Aim of the task. Each record is to be copied exactly, with its pictures left behind.

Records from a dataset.
####

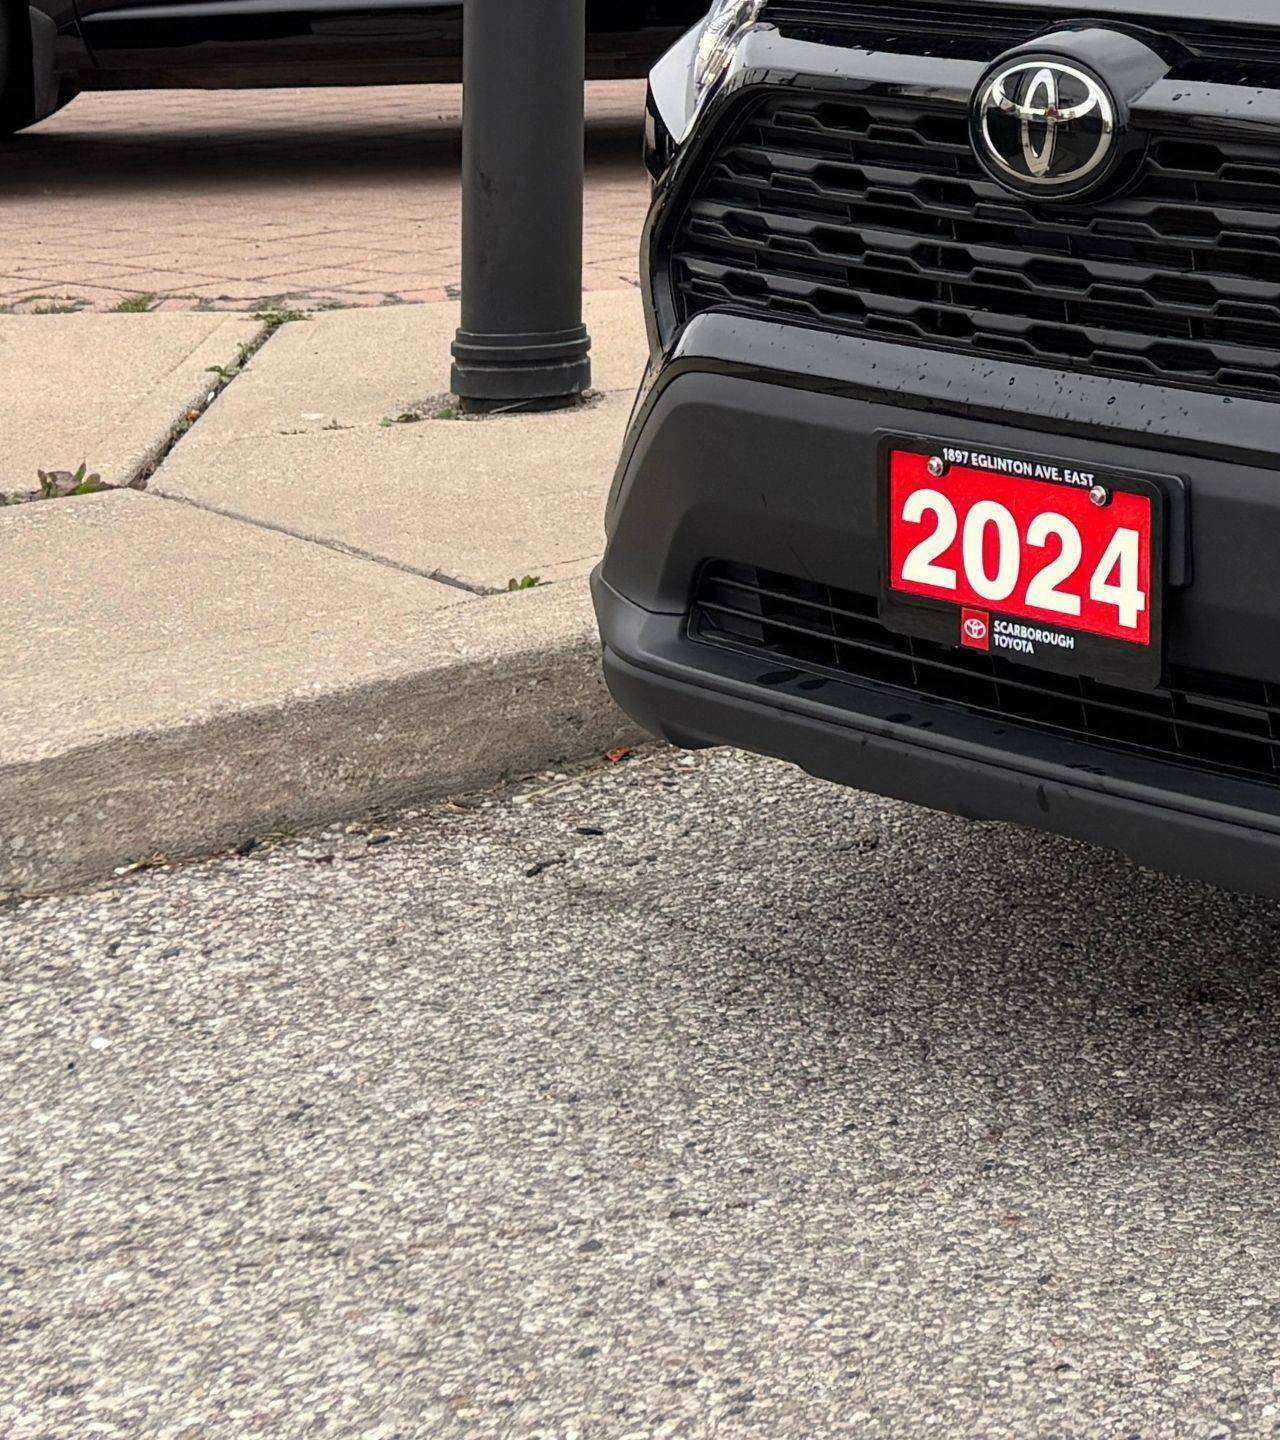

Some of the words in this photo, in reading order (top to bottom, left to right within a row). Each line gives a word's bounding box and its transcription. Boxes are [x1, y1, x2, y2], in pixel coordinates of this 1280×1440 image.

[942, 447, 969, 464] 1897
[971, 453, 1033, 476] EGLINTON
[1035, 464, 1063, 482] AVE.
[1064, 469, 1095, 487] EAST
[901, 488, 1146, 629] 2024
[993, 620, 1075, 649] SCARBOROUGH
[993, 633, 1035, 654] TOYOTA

####

Written reply.
Some of the words in this photo, in reading order (top to bottom, left to right within a row). Each line gives a word's bounding box and its transcription. Boxes are [x1, y1, x2, y2], in pixel coordinates of this 1280×1440 image.

[942, 447, 969, 464] 1897
[971, 453, 1033, 476] EGLINTON
[1035, 464, 1063, 482] AVE.
[1064, 469, 1095, 487] EAST
[901, 488, 1146, 629] 2024
[993, 620, 1075, 649] SCARBOROUGH
[993, 633, 1035, 654] TOYOTA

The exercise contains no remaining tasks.